Efficient Electron Transport Layer-Free Perovskite Solar Cells Enabled by Discontinuous Polar Molecular Films: A Story of New Materials and Old Ideas?
Like Huang, Jiaming Huang, Ruixiang Peng, Ziyi Ge
Abstract
Interests in minimalist device structure design of perovskite solar cells (PSCs) have accelerated the rapid advances of electron transport layer-free PSCs by composition and solvent engineering. For higher device performance, interface engineering regarding effective interface energy level alignment is highly needed. Herein, a polar nonconjugated small-molecule electrolyte (PNSME) inter-layer is inserted into the perovskite/indium tin oxide (ITO) interface to reduce the carrier collection barrier at this interface. By changing the inter-layer thickness, ITO’s effective work function and thus the energy level alignment at the perovskite/ITO interface can be continuously controlled.

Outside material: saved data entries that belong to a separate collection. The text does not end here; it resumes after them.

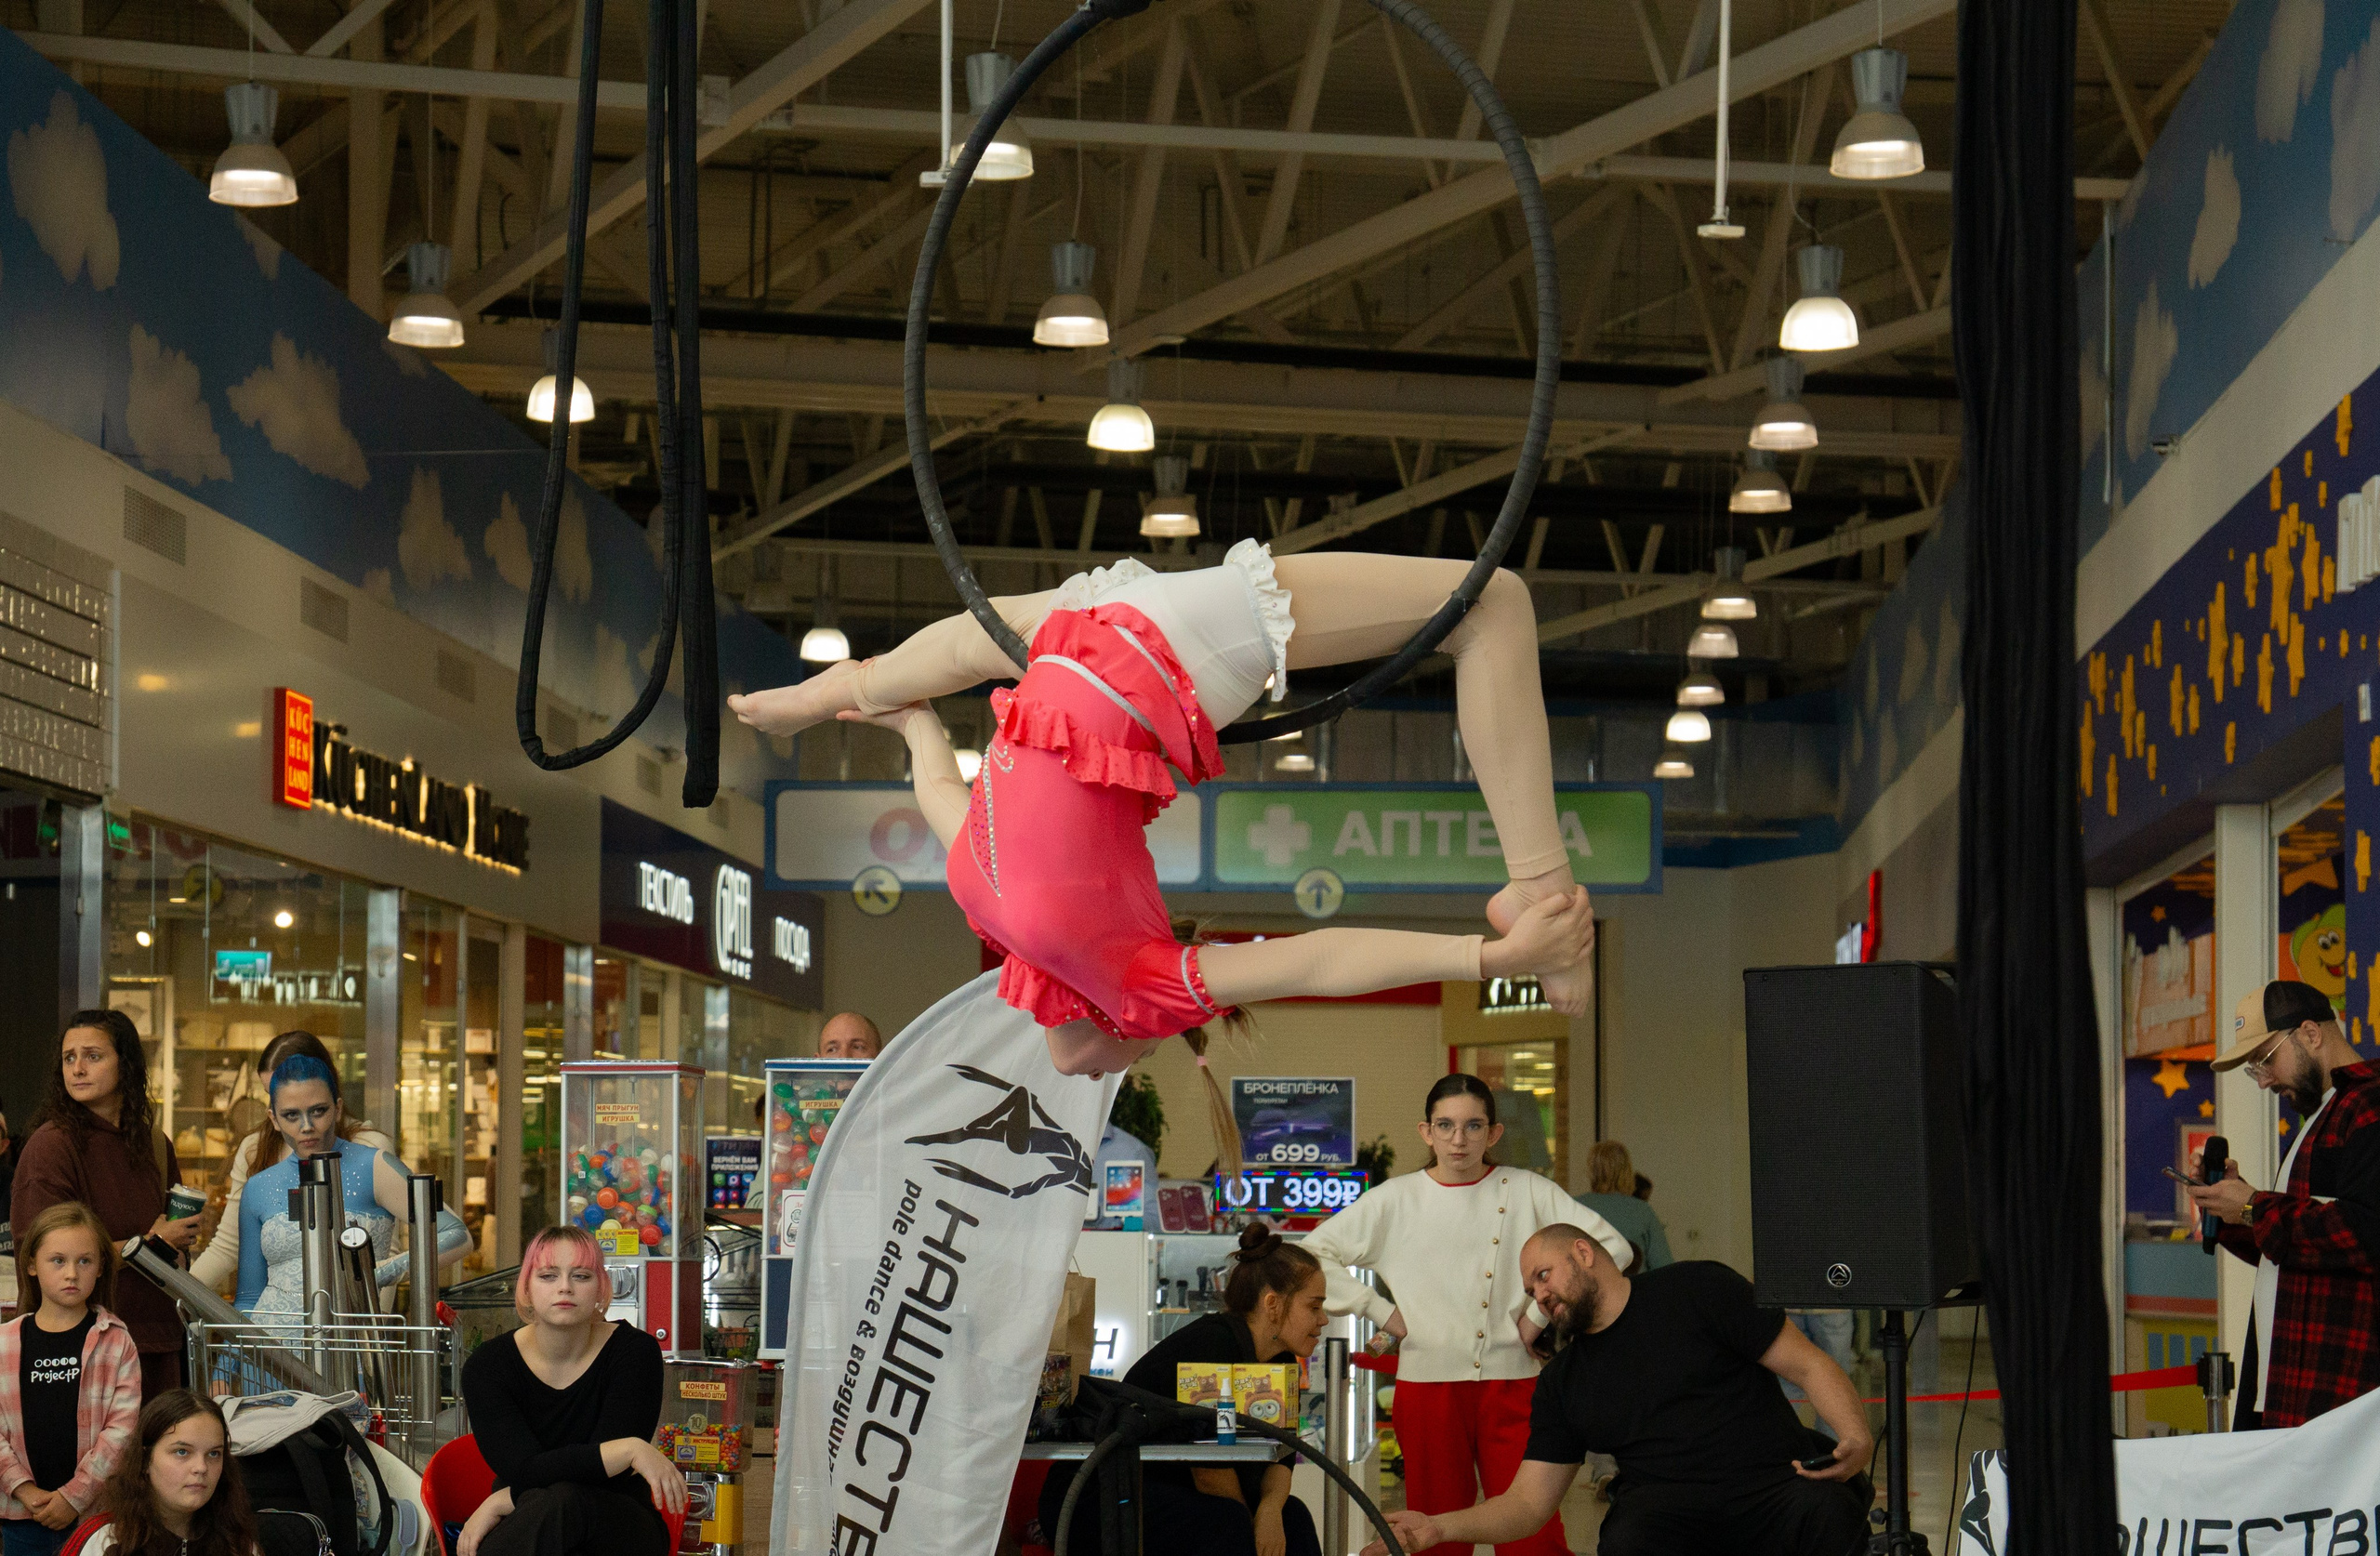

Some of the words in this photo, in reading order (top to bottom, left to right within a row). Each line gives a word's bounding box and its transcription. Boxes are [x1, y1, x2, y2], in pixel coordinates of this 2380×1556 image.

[1333, 810, 1593, 857] АПТЕА
[640, 861, 694, 925] ТЕКСТИЛЬ
[1243, 1080, 1339, 1094] БРОНЕПЛЁНКА
[1271, 1143, 1320, 1163] 699
[892, 1179, 922, 1235] pole
[1225, 1177, 1275, 1207] ОТ
[865, 1240, 903, 1315] dance
[2118, 1504, 2380, 1556] ШЕСТВ

Interestingly, although pinholes are found in all discontinuous inter-layers with varying thicknesses, they hardly affect the uniformity of ITO’s local work function distribution. According to the PNSME thickness and coverage, two coexisting mechanisms of interface electron injection are proposed. The interfacial dipoles of the inter-layer are of great significance with respect to electron tunneling through PNSME with a typical quantum mechanical tunneling thickness limit of ∼10 nm, whereas electron transmission through the thick inter-layer (≥10 nm) is dominated by the direct perovskite/ITO contact at the pinhole area. This work provides novel insights on the work principle of PSCs and highlights the importance of interface engineering of perovskite/ITO contact toward efficient and simple-structured PSCs.